Roma e Tokyo, entrambe potenze economiche e politiche nel contesto globale come membri del G7 e del G20, hanno recentemente esaminato diversi dossier cruciali che stanno plasmando il futuro delle relazioni internazionali. Dal legame tra Euro atlantico ed Indo Pacifico, all’aggressione russa in Ucraina, fino alla crescente minaccia cinese nel Pacifico, i leader politici hanno confrontato le sfide congiunte e le opportunità di cooperazione.

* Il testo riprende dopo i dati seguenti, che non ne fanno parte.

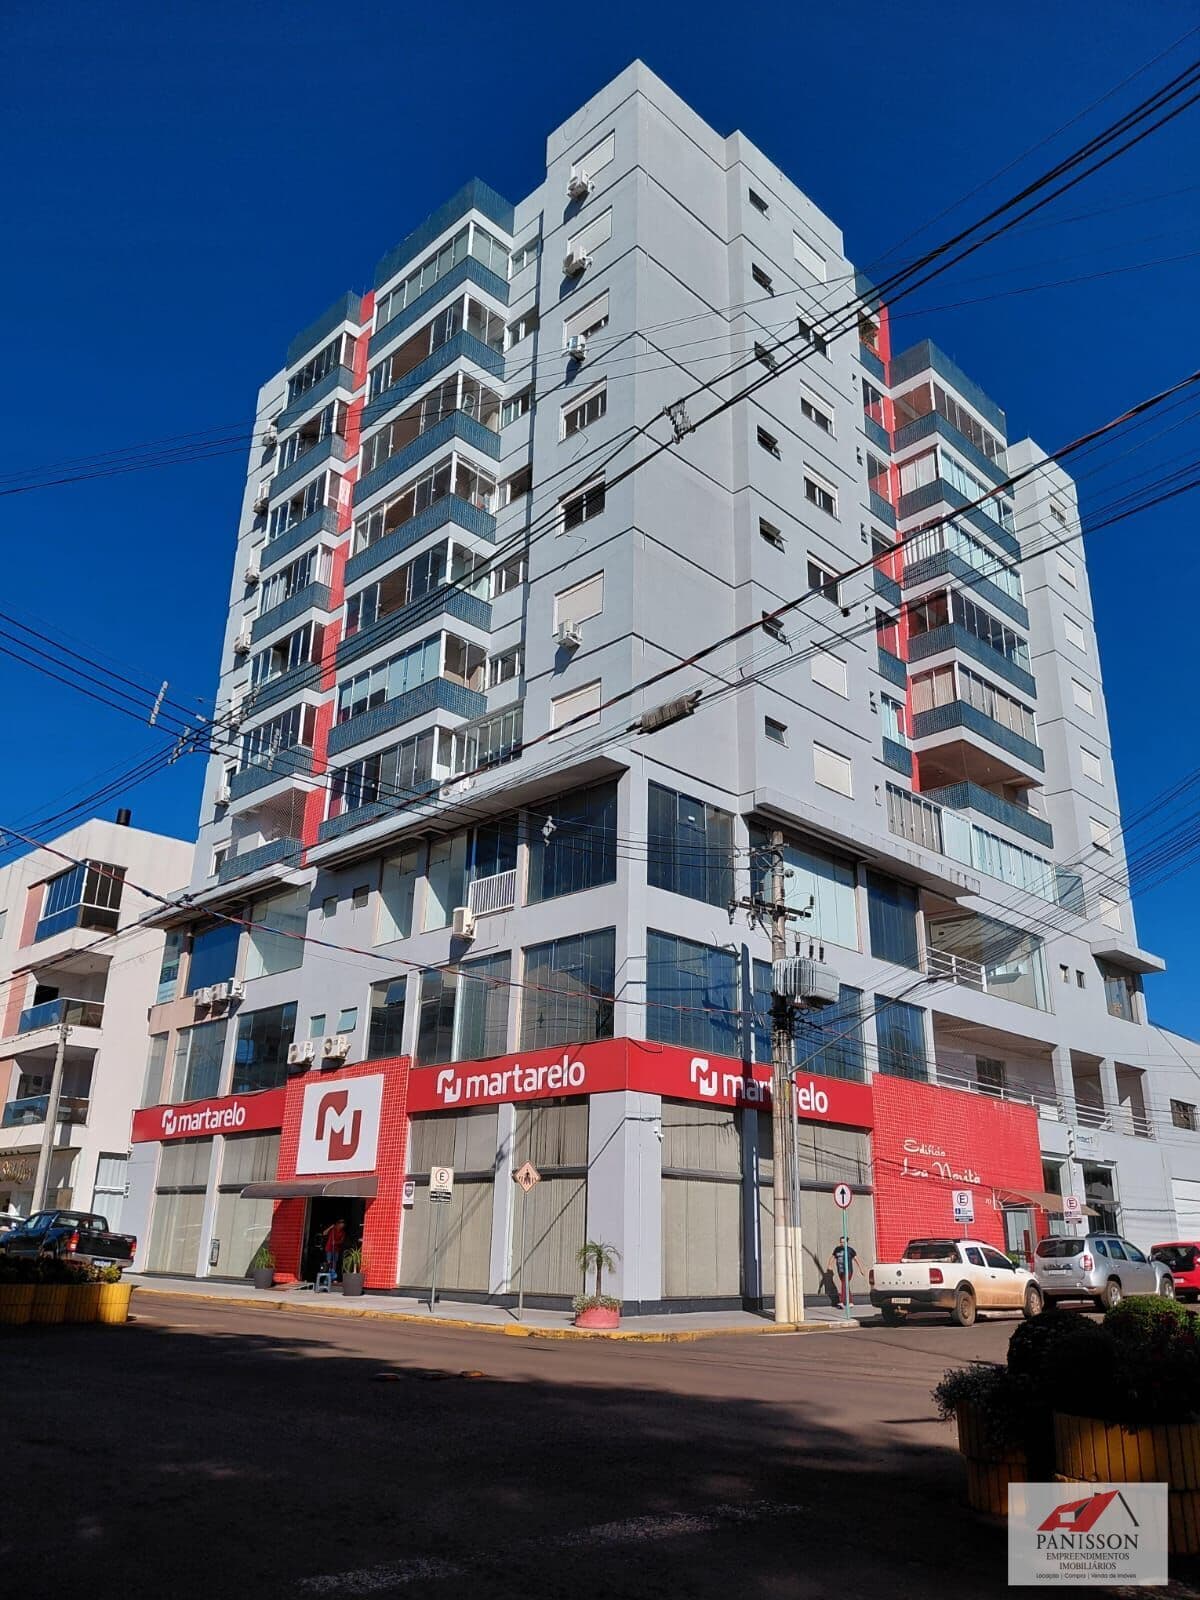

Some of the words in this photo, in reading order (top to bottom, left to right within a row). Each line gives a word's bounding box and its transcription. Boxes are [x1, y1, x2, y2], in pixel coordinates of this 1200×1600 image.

[465, 1055, 585, 1099] martarelo
[722, 1073, 829, 1114] martelo
[178, 1101, 246, 1133] martarelo

In questo contesto, la partnership tra Italia e Giappone si rafforza ulteriormente, abbracciando settori chiave come quello industriale, tecnologico e culturale. Con uno scambio commerciale che ammonta a 12 miliardi di euro all’anno, la partnership bilaterale si consolida, aprendo nuove frontiere di collaborazione. Il settore industriale italiano dell’auto, ad esempio, può trovare una via di fuga in Oriente, proprio in Giappone. Toyota (da sempre ambasciatrice del soft power industriale nipponico) sarebbe interessata ad una forte partnership con aziende italiane, a questo punto Stellatis potrebbe anche “spacchettarsi” e mantenere italiano l’asse con Usa e Giappone, grazie all’intermediazione dello Stato italiano, di fatto scaricando la parte francese. In questo modo l’Italia tornerebbe a produrre più d’un milione di veicoli in loco e sfrutterebbe la forza di Toyota in Asia (viceversa i giapponesi avrebbero da rivendersi il design italiano oltre alle flotte di camion Iveco). Paesi agli antipodi hanno interessi divergenti e non in competizione ma se collaborano possono emergere nei rispettivi continenti.
Rilevante il settore della difesa, dove è stato avviato un ambizioso programma di sviluppo di un veicolo di sesta generazione, in collaborazione con il Regno Unito e sempre il Giappone, e il cui successo ha spinto le tre nazioni a elevare le loro relazioni al livello di un partenariato strategico. Questo passo avrà ampie ripercussioni, aprendo nuove opportunità di cooperazione e consolidando ulteriormente i legami tra Italia, Giappone UK.
Con il Giappone che detiene attualmente la presidenza del G7 e con un vertice in programma a Hiroshima dal 19 al 21 maggio, si prospettano ulteriori sviluppi nella cooperazione tra le due nazioni, in settori che vanno dall’economia al commercio, fino alla sicurezza. La partnership strategica non solo promette di rafforzare i legami esistenti, ma anche di aprire nuove vie per la collaborazione, tra cui la diplomazia, gli investimenti, le infrastrutture ferroviarie e persino il settore cinematografico, come testimoniato dalla recente firma di un accordo di coproduzione cinematografica.